Slide View : Parallel Computer Architecture and Programming : 15-418/618 Spring 2015

toutou

Should size of block always a multiple of 32?

Kapteyn

You don't have to make it a multiple of 32, it's just more efficient to do so. I'm guessing that if you had, say 33 threads per block, the first 32 threads would run on one row of 32 SIMD execution units, and the 33rd thread in the block would take up an entire 32-wide SIMD vector but 31 out of the 32 lanes would be masked off.

Kapteyn

It seems to me that one NVIDIA GTX 680 SMX unit should be able to have a max of 64 warps * 32 SIMD units = 2048 cuda threads per block. But documentation on line says:

The NVIDIA GTX 680 can maximally handle 1024 threads per block and 2048 concurrent threads per multiprocessor.

Why is this?

xwenwenwen

A simple/naive question: At the end of lecture Kayvon described the situation when the available number of threads under a warp is less than the number of threads in a block. In this way, after executing the threads available for a warp, will the threads left in the same block continue to execute immediately on the SAME warp?

andymochi

@Kapteyn I think this is a good question. I tried to reason it out, but I'm having the same trouble?

I see on the wiki entry the number you are referring to. The GTX680 falls under compute capability 3.0 which says "Maximum number of resident threads per multiprocessor: 2048". This number, I think, refers to 8 32-wide SIMD ALUs (2 of which are the SFU and LD/STR) on all 8 of the SMX units. That's how we get 2048 = 8 * 32 * 8.
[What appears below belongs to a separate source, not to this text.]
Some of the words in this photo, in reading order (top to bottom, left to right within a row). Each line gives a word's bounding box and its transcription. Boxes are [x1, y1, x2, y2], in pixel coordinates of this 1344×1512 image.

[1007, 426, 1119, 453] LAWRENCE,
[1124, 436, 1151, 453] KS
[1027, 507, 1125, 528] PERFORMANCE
Here's where my logic gets fuzzy. It also says "Maximum number of resident warps per multiprocessor: 64". I'm not sure if this means that the entire GPU could only have 64 warps, or if each SMX core can have 64 warps (not clear from the slides either).

Either way, it seems the constraint is: # threads per block <= # Warps per SMX unit * Warp Width. Otherwise - we might face concurrency issues as exemplified on the last slide.
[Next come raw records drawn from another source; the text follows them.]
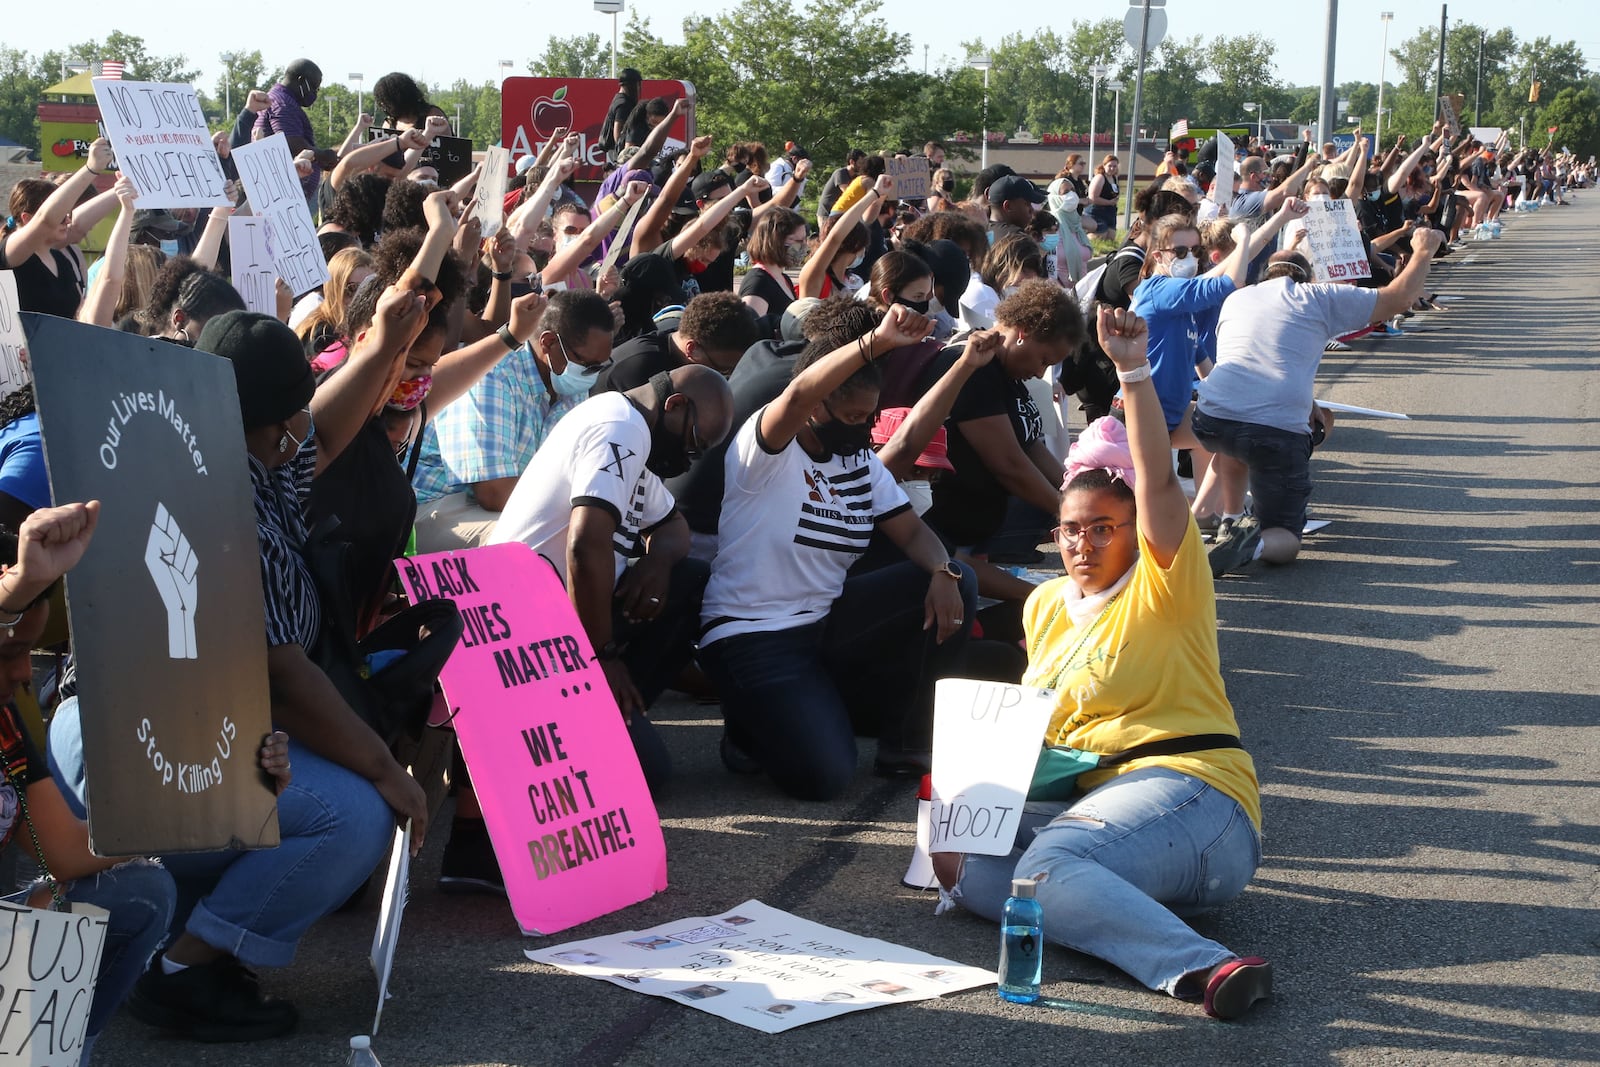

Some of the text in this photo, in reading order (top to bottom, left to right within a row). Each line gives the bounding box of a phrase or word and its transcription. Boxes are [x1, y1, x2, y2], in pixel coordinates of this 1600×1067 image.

[107, 86, 205, 130] NO JUSTICE
[125, 151, 162, 196] NO
[244, 147, 303, 209] BLACK
[271, 202, 315, 254] LIVES
[1323, 200, 1345, 212] BLACK
[245, 223, 259, 268] I
[274, 247, 326, 293] MATTER
[1327, 264, 1347, 278] BLEED
[100, 389, 208, 476] Our Lives Matter
[598, 441, 637, 482] X
[405, 557, 480, 600] BLACK
[459, 602, 512, 648] LIVES
[493, 634, 589, 689] MATTER
[970, 683, 1022, 724] UP
[136, 717, 174, 786] Stop
[178, 756, 223, 793] Killing
[521, 722, 568, 767] WE
[528, 765, 596, 825] CAN'T
[527, 807, 636, 881] BREATHE!
[689, 952, 801, 982] FOR BEING
[712, 940, 843, 979] KILLED TODAY
[802, 940, 856, 957] HOPE
[809, 955, 850, 968] GET
[681, 962, 743, 981] BLACK
To be honest, I think the number that we're more interested in right now is actually 1536 CUDA cores per multi-processor which I got from page 6 of the Nvidia spec sheet. You can get this number if you exclude the SFU and LD/STR ALU sets on each SMX core (6 * 32 * 8).

doodooloo

So if the block size is 64 (threads), are we able to run two blocks on the same core?

kayvonf

@Kapteyn. Your calculation properly computed the maximum number of threads per SMX core = 2048 = 64 warps x 32 threads per warp.

The maximum number of threads per CUDA thread block is due to a limitation of the hardware, but it is unrelated to anything fundamental discussed in this class. (Your understanding of what you need to know is perfectly correct.)

The GTX 680 SMX core is able to concurrently run up to two blocks of 1024 CUDA threads each.

kayvonf

Note to everyone: This slide was a thought experiment where we assumed a simpler SMX core with support for only four warps of concurrent execution. A real SMX core can support up to 64 warps (2048 CUDA threads) of concurrent execution.

Please see slide 42 and slide 47 for nice discussions of the actual capabilities of the NVIDIA GTX 680 GPU.